# Description of the task
In your copy, repeat each record exactly and include no pictures.

Collected data:
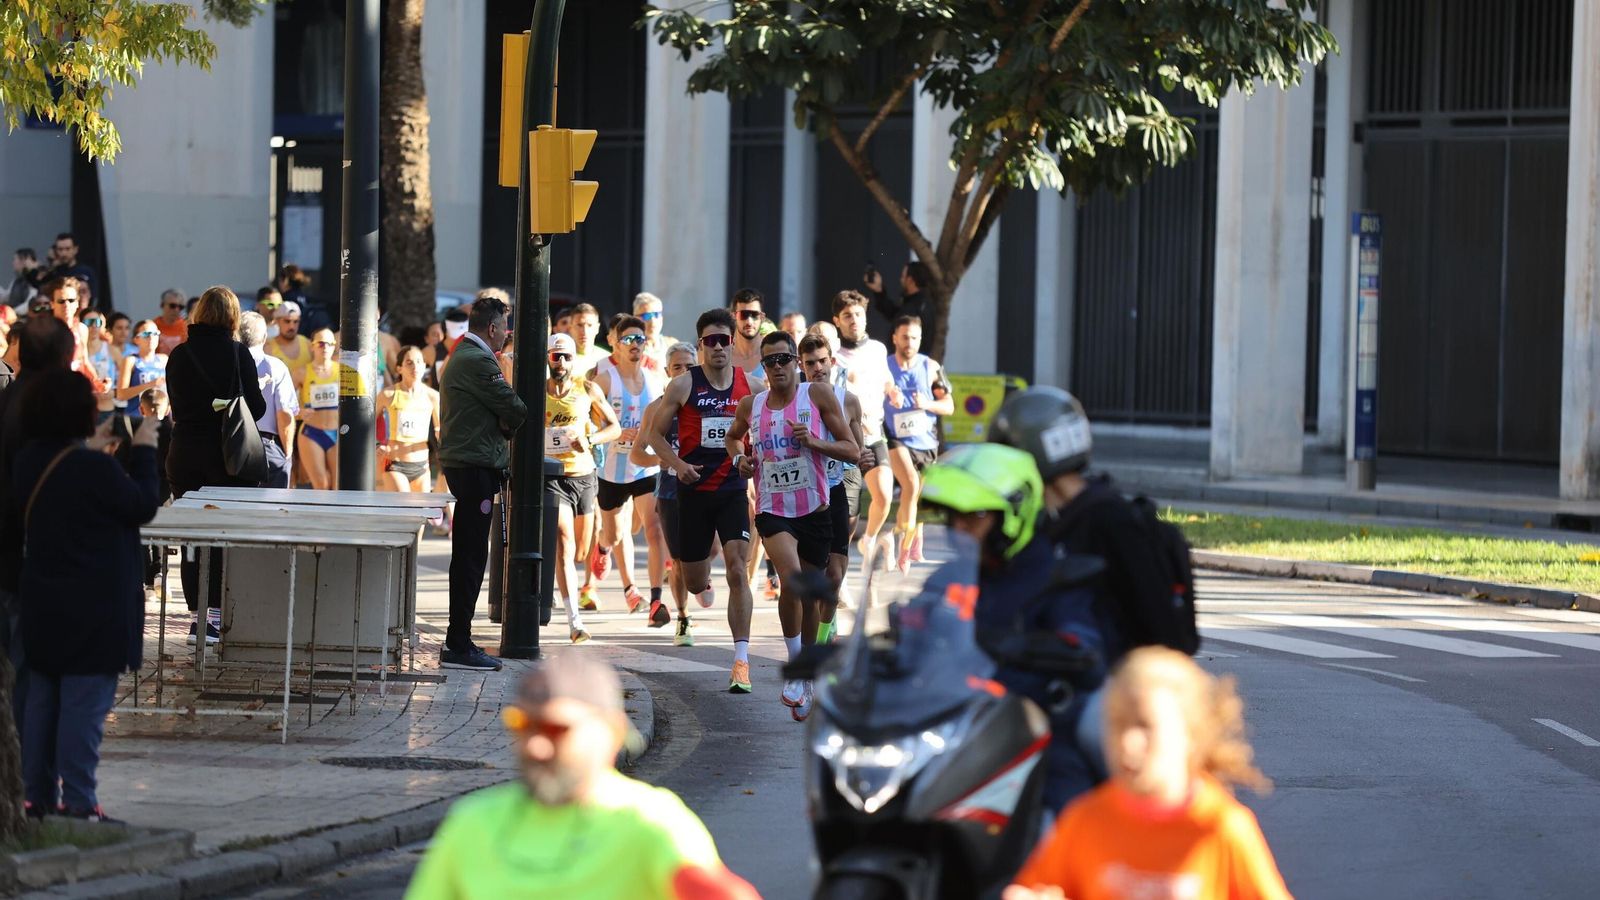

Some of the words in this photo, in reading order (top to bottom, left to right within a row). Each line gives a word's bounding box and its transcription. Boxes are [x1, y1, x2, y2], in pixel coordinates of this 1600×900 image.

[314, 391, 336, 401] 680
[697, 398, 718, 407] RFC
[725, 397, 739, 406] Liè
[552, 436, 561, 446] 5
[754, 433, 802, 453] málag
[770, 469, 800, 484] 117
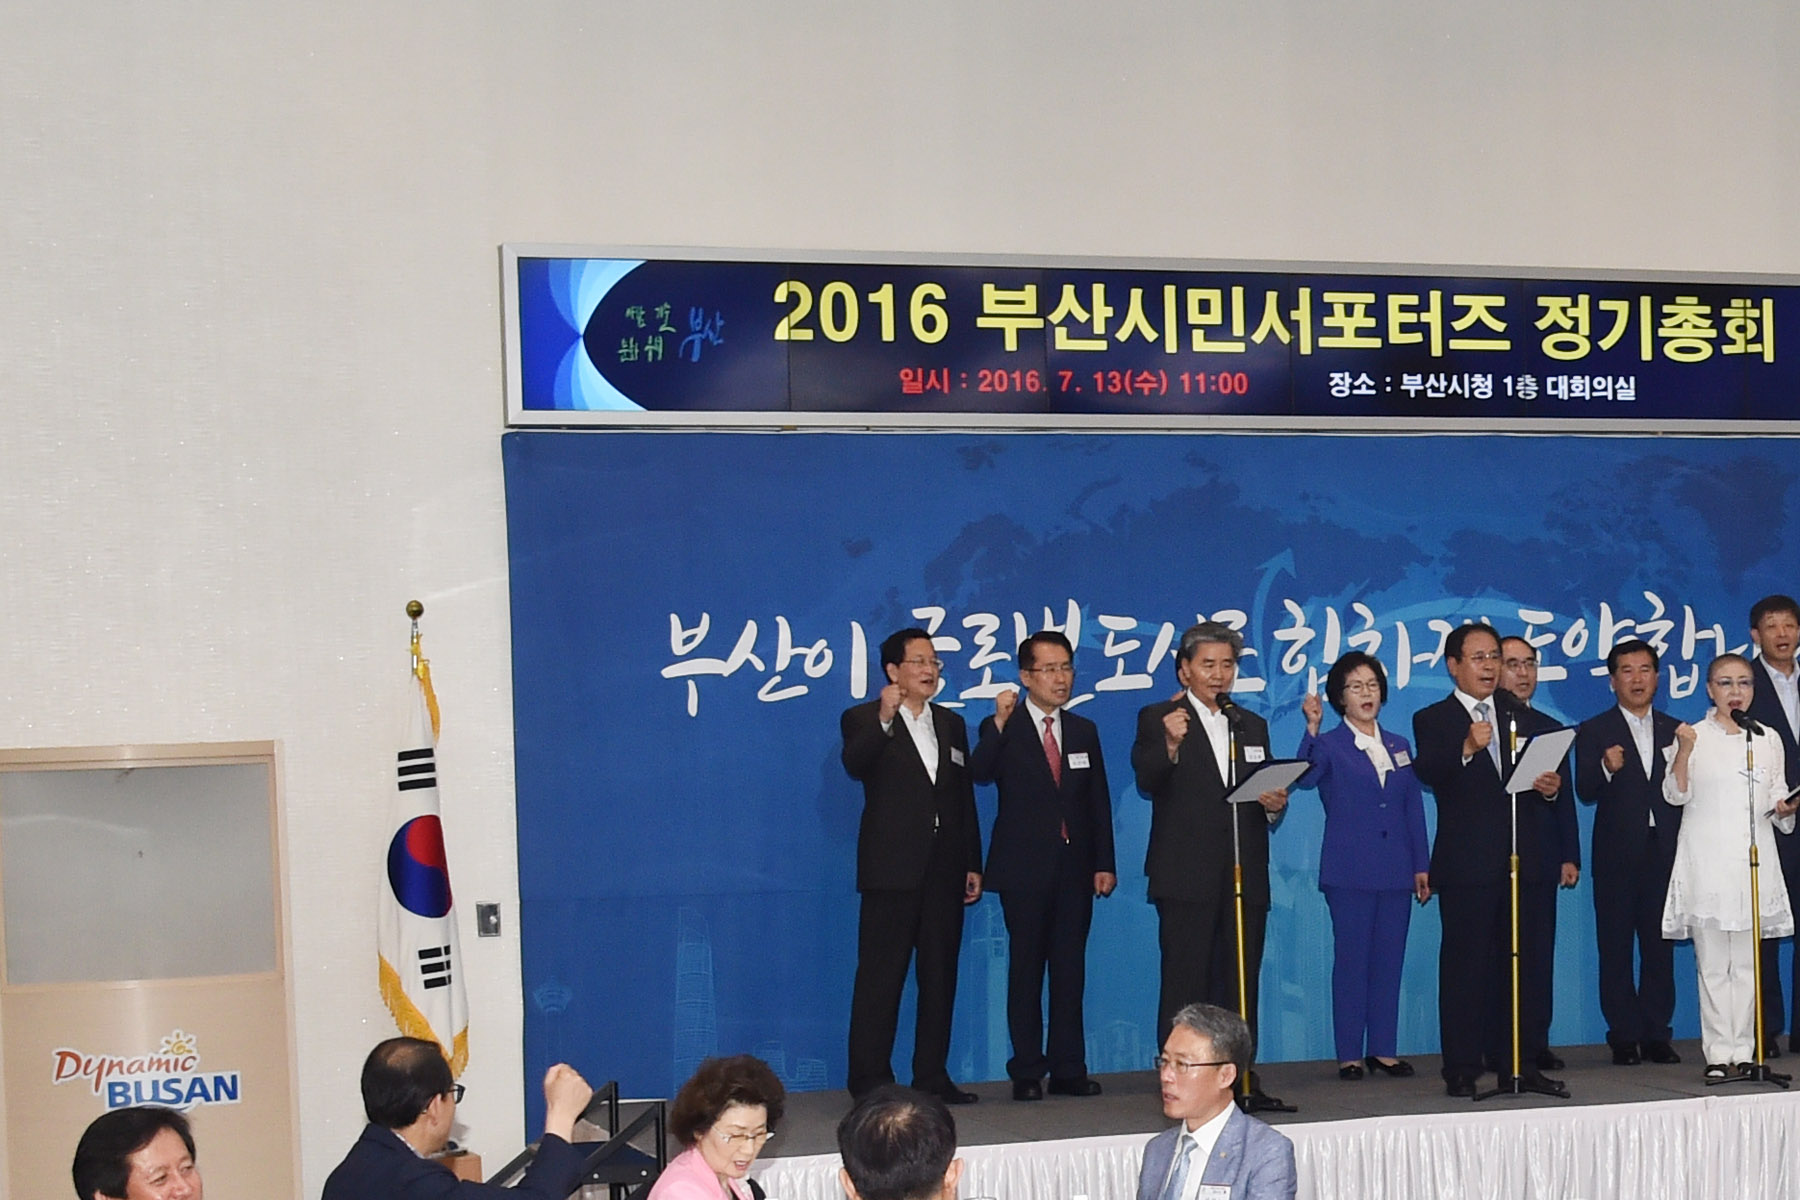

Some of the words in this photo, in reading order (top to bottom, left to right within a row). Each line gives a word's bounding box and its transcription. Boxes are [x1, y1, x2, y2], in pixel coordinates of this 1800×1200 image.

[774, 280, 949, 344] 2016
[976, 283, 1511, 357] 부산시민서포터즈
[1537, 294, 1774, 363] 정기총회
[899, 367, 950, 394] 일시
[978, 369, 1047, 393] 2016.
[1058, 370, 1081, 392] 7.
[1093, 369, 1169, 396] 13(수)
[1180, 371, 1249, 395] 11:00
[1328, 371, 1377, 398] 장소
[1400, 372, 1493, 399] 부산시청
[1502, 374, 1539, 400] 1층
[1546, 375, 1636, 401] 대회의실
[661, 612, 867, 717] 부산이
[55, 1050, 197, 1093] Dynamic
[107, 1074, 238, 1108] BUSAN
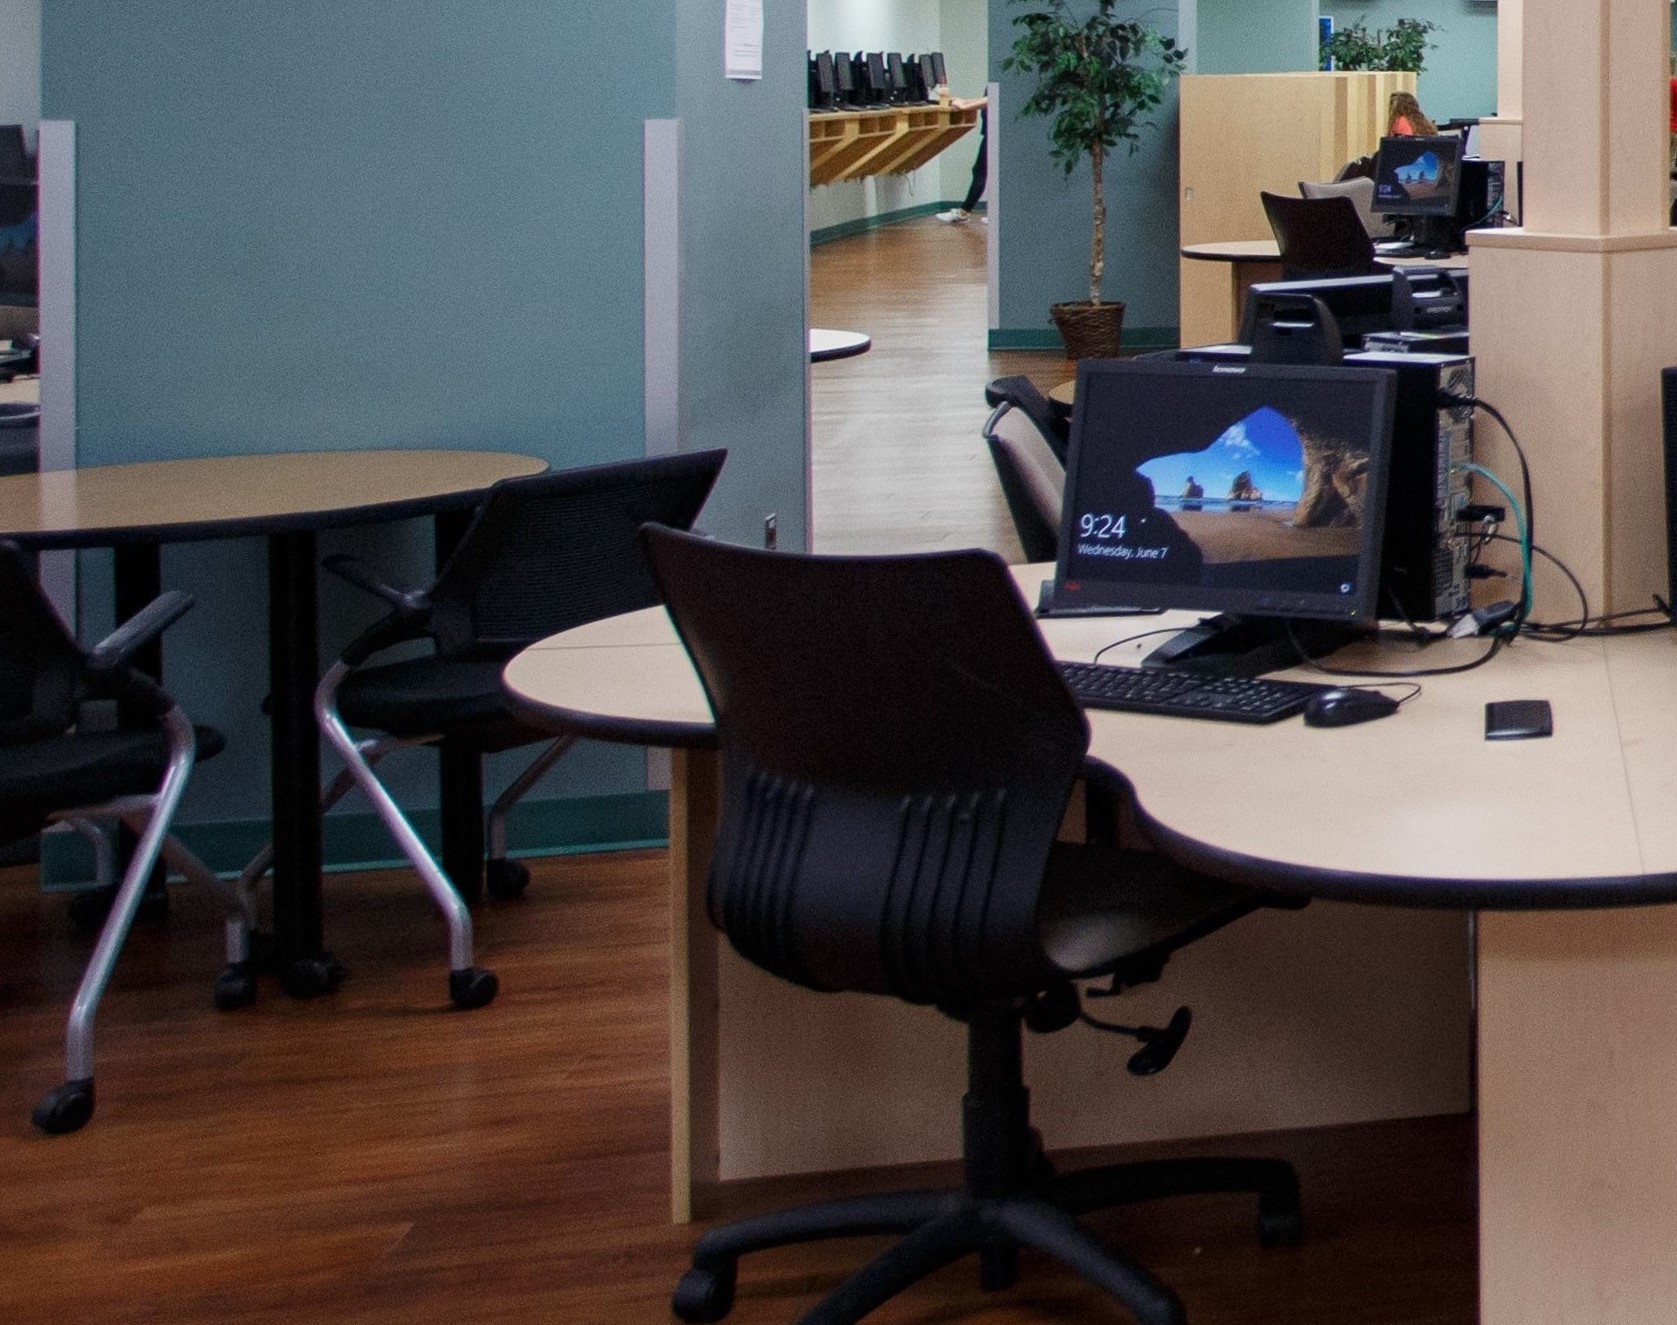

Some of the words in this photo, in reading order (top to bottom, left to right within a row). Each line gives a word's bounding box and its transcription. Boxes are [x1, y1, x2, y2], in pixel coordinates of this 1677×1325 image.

# Exercise response
Some of the words in this photo, in reading order (top to bottom, left to right within a row). Each line gives a word's bounding box and its transcription. Boxes are [x1, y1, x2, y2], in pixel coordinates of this 1600×900 image.

[314, 391, 336, 401] 680
[697, 398, 718, 407] RFC
[725, 397, 739, 406] Liè
[552, 436, 561, 446] 5
[754, 433, 802, 453] málag
[770, 469, 800, 484] 117

Some of the words in this photo, in reading order (top to bottom, left to right within a row). Each line gives a word's bounding box and its transcription. Boxes are [x1, y1, x2, y2], in pixel coordinates of this 1800×1200 image.

[774, 280, 949, 344] 2016
[976, 283, 1511, 357] 부산시민서포터즈
[1537, 294, 1774, 363] 정기총회
[899, 367, 950, 394] 일시
[978, 369, 1047, 393] 2016.
[1058, 370, 1081, 392] 7.
[1093, 369, 1169, 396] 13(수)
[1180, 371, 1249, 395] 11:00
[1328, 371, 1377, 398] 장소
[1400, 372, 1493, 399] 부산시청
[1502, 374, 1539, 400] 1층
[1546, 375, 1636, 401] 대회의실
[661, 612, 867, 717] 부산이
[55, 1050, 197, 1093] Dynamic
[107, 1074, 238, 1108] BUSAN

Some of the words in this photo, in reading order (top to bottom, left to right within a row). Each line gives a word's bounding box and its transcription. Boxes are [x1, y1, x2, y2], in pixel coordinates of this 1677×1325 image.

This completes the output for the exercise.